Interpreting the Human Genome Through Computational Biology
By Jason Socrates Bardi
“He
went through a brand new planet. Paris rebuilt. Ten thousand
incomprehensible avenues.”
——From
the film La Jettee by Chris Marker, 1963.
It has been called nothing short of the largest basic science
undertaking ever, an erudite feat with a guaranteed place
at the table of history, no less impressive than the building
the atomic bomb or landing Neil Armstrong and company on the
moon: the sequencing of the human genome. Solved to over 93
percent completion and 99 percent accuracy last year by public
and private efforts, the genome was published in the two major
scientific journals last week by both groups in watershed
papers.
Gaps and errors notwithstanding, the sequence shows the
correct order and location of all 3.12 billion plus base pairs
of DNA along the 23 chromosome pairs which comprise the totality
of human genetic information.
Yet at the moment the genome remains deeply shrouded.
Sequencing the genome is just the beginning of the story.
We must now tackle the no less impressive undertaking of figuring
out what the genome means. Where are the genes and what are
they doing? How is the expression of these genes regulated?
How do our genes compare with similar genes in other organisms?
How do different gene products interact with each other? How
do slight changes in them lead to heritable traits and diseases?
Can we make pharmaceuticals to target the genes or their products,
turning them on or off to treat illnesses?
These questions, says Professor Ruben Abagyan of The Scripps
Research Institute (TSRI) Department of Molecular Biology,
are going to launch a thousand inquiries in a thousand labs
across the country. He compares the coming flurry to the 1849
California gold rush.
For this reason, Abagyan and his colleagues at TSRI are
among those who are preparing to take on the important task
of finding ways to annotate the genome and find hidden treasures
in it, i.e. to “mine the genome.”
Annotation is everything from identifying the genes within
the sequence to finding their function, functional families,
structures, interacting proteins, and ligands. Annotation
is the interpretation of the information, the meaning of the
words, the knowledge rather than the data.

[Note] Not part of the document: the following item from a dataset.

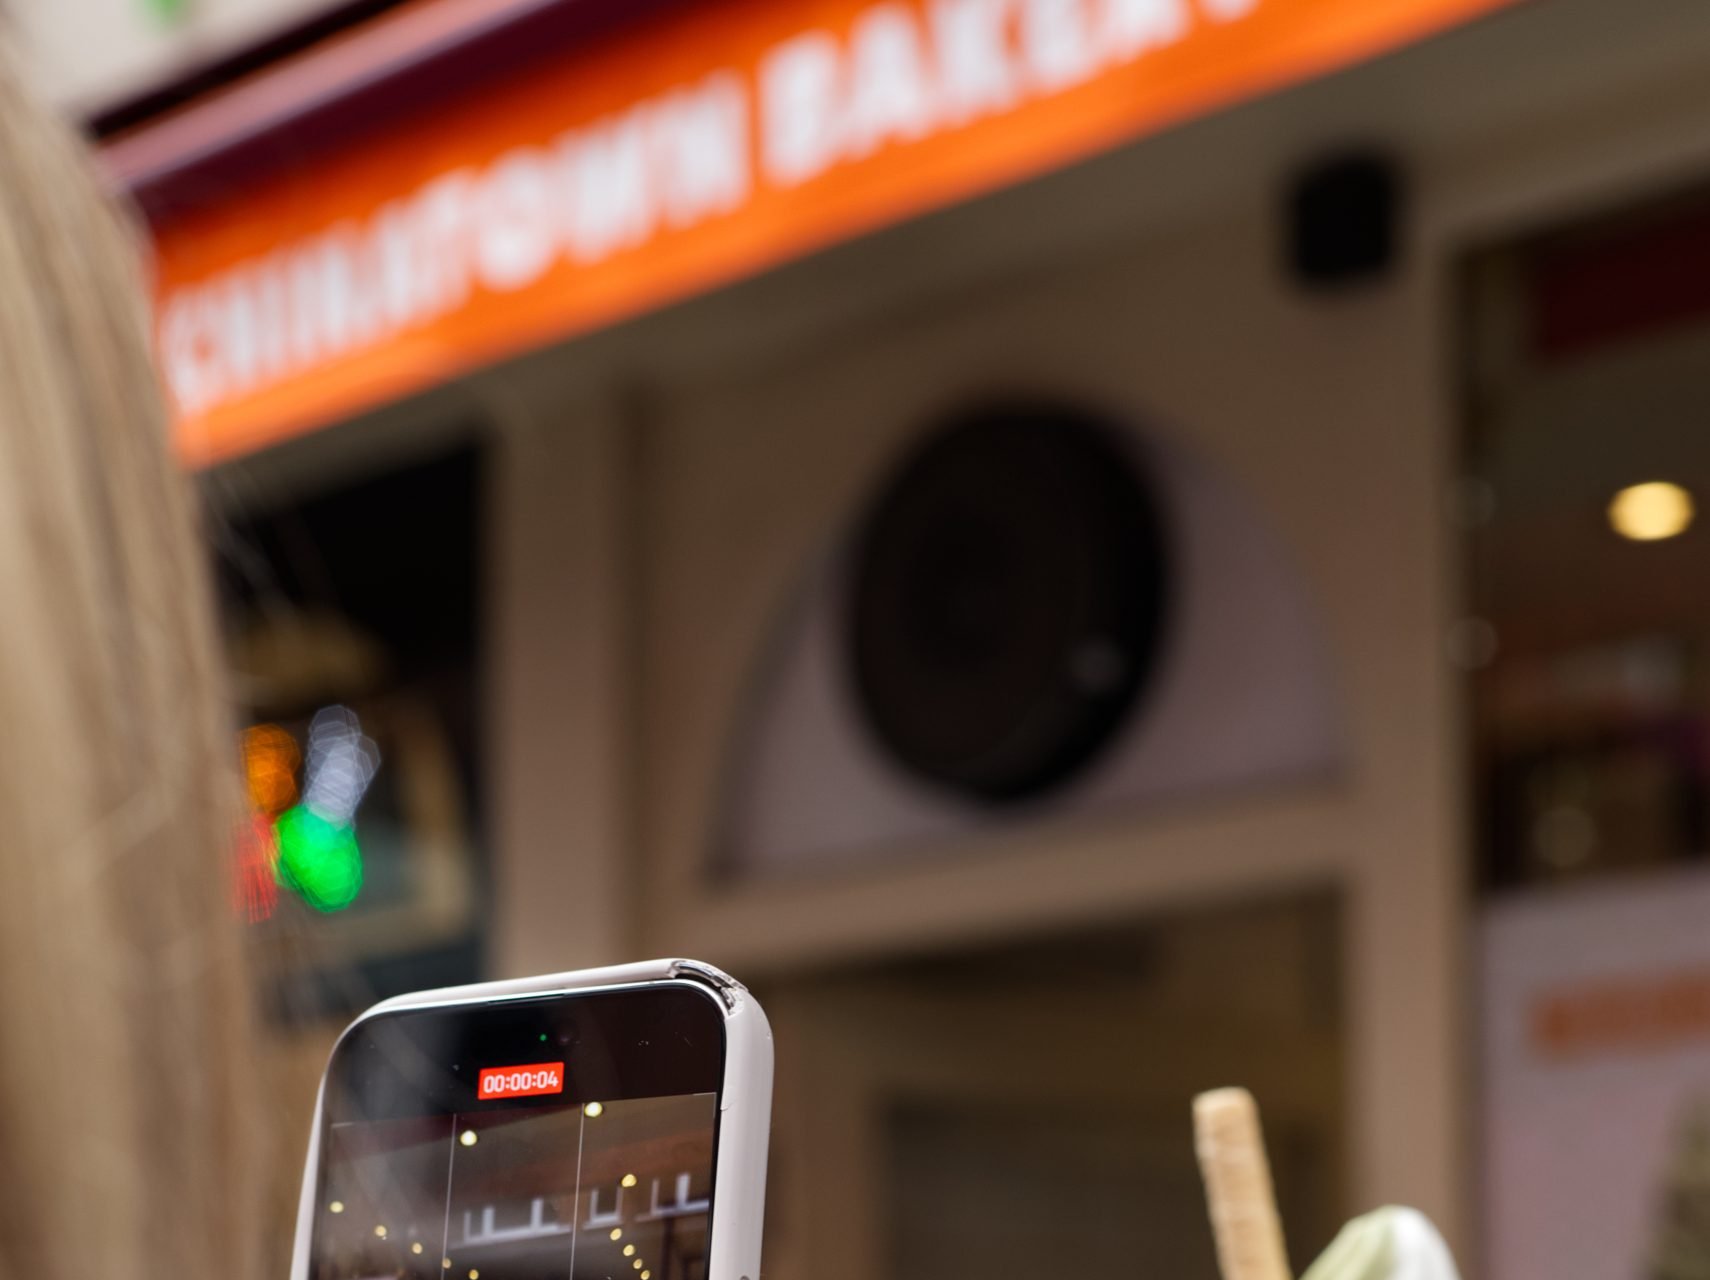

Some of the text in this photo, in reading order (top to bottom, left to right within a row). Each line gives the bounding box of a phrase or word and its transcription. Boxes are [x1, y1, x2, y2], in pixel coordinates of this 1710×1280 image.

Finding new ways of organizing this information is necessary
because as scientists discover more and more about all the
parts of the genome, the amount of information explodes—and
fragments.
Scientists submit their data to many separate databases,
each with its own specialty. Genomic information from different
species, genes, proteins and protein families, expression
levels and tissue distributions, individual sequence differences
(SNPs) and associated phenotypes, small biologically active
molecules, and, finally three dimensional structures of biological
polymers and their complexes.
A Whole Less than the Sum of its Parts
How can computational biologists create the systems to access
this information in a meaningful way?
"The first step," says Abagyan, "is creating an environment
where you can actually browse all the information—query,
extract, and analyze as you wish."
This is no easy task. Connecting each gene to other databases
via ordinary hypertext links, as one might imagine doing at
first, would not be a realistic way to organize the information.
An annotated gene would point to several different items in
several different databases, each with a different arbitrary
format and naming convention and constructions.

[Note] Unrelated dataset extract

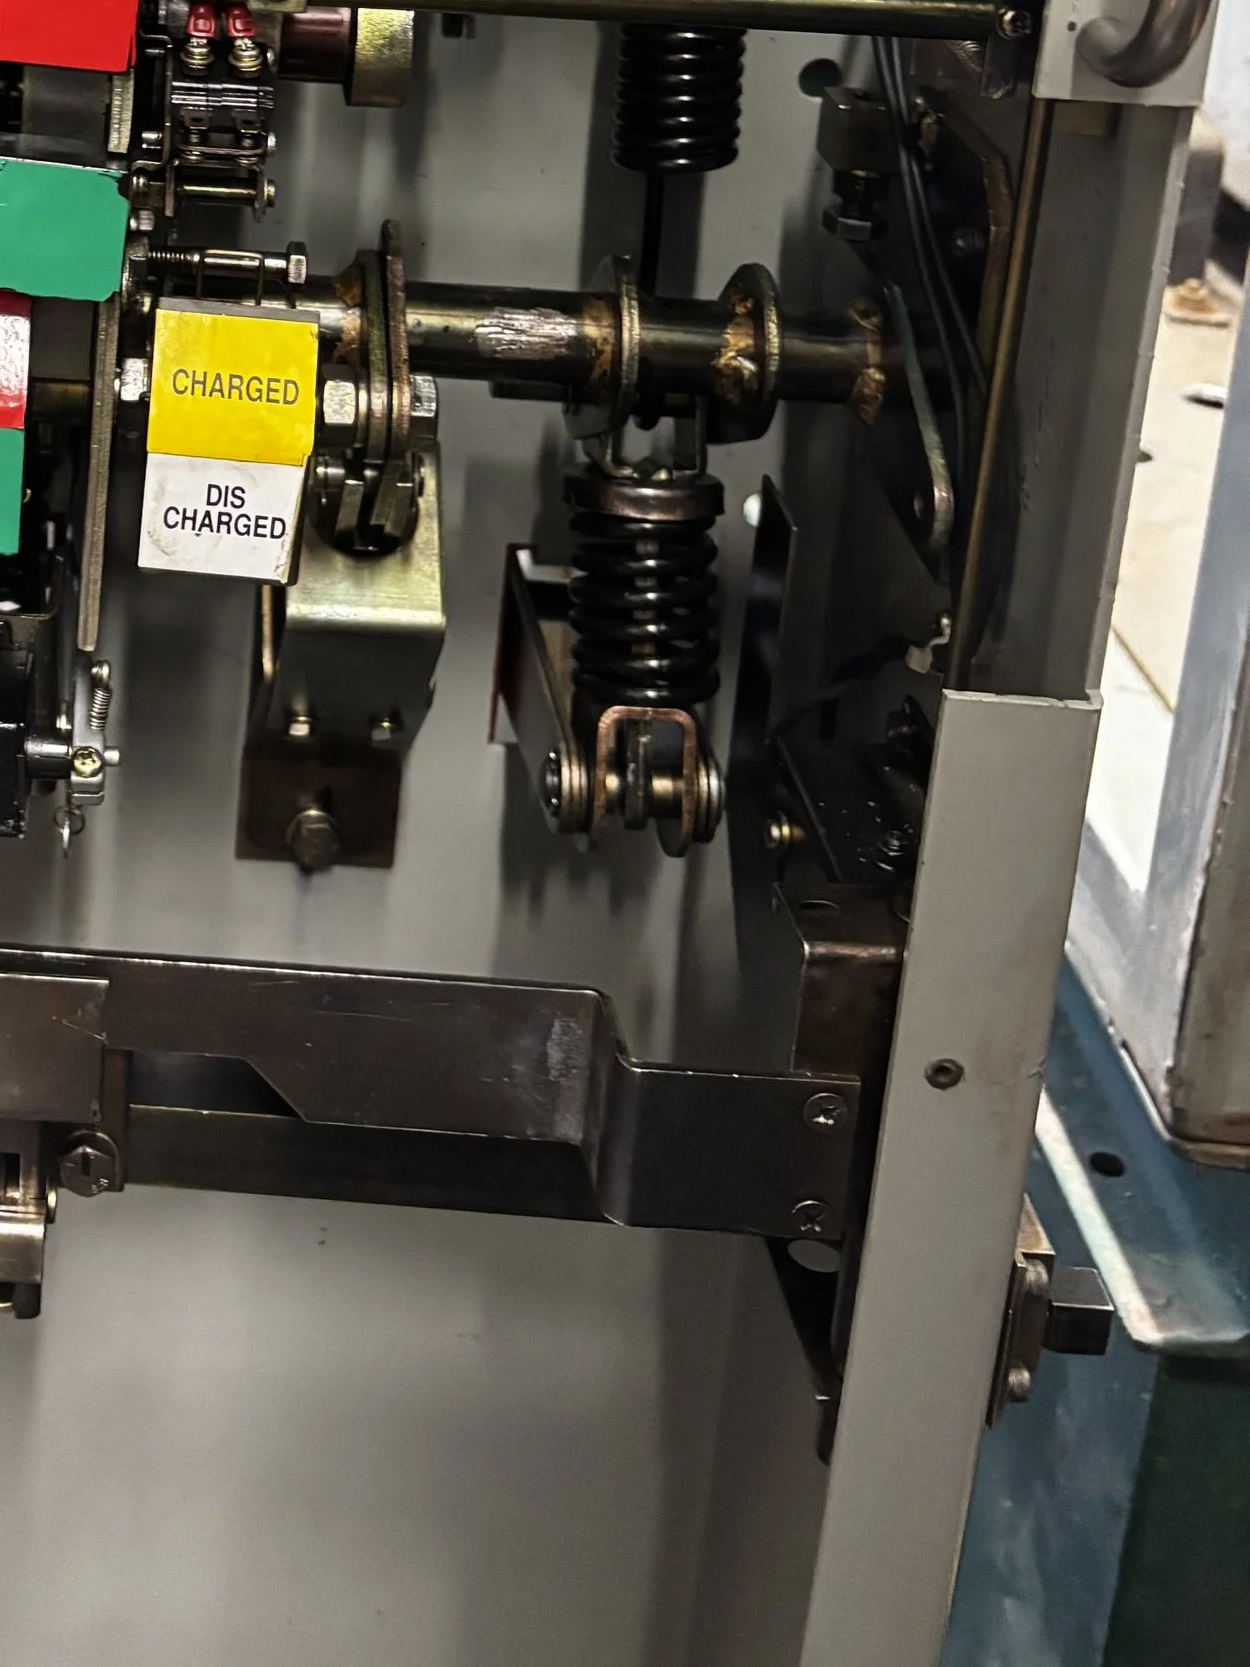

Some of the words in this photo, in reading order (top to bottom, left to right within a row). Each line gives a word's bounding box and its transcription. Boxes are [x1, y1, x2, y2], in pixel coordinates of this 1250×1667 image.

[171, 368, 300, 406] CHARGED
[206, 483, 247, 510] DIS
[163, 506, 287, 540] CHARGED

For instance, a single human Ig domain in a single gene
would point to hundreds of other Ig domains in other human
genes and thousands in other organisms. The domain may also
be linked to similar domains in a domain database, may have
links to thousands of protein domains in a structure database.
The gene itself may be linked to countless other genes through
similarities in sequence, structure, function, family, chromosome,
or organism.
Perhaps one could surf the genomic web in this form, but
who would want to? Each gene would be endlessly linked to
a plurality of self referential sites and each new organism
would add another order of complexity to the tangled mess.
"After three genes, you’ll be exhausted," says Abagyan.
One could also simply look within one database or another
for genomic information. But this would deny the promise of
discovery that is the human genome sequence. "If you just
take a piece of the genome in isolation, it’s not interesting,
basically," says Abagyan. "These [databases] have all the
little bits and pieces that we have to put together to make
the genome alive. Otherwise, it’s just a sequence."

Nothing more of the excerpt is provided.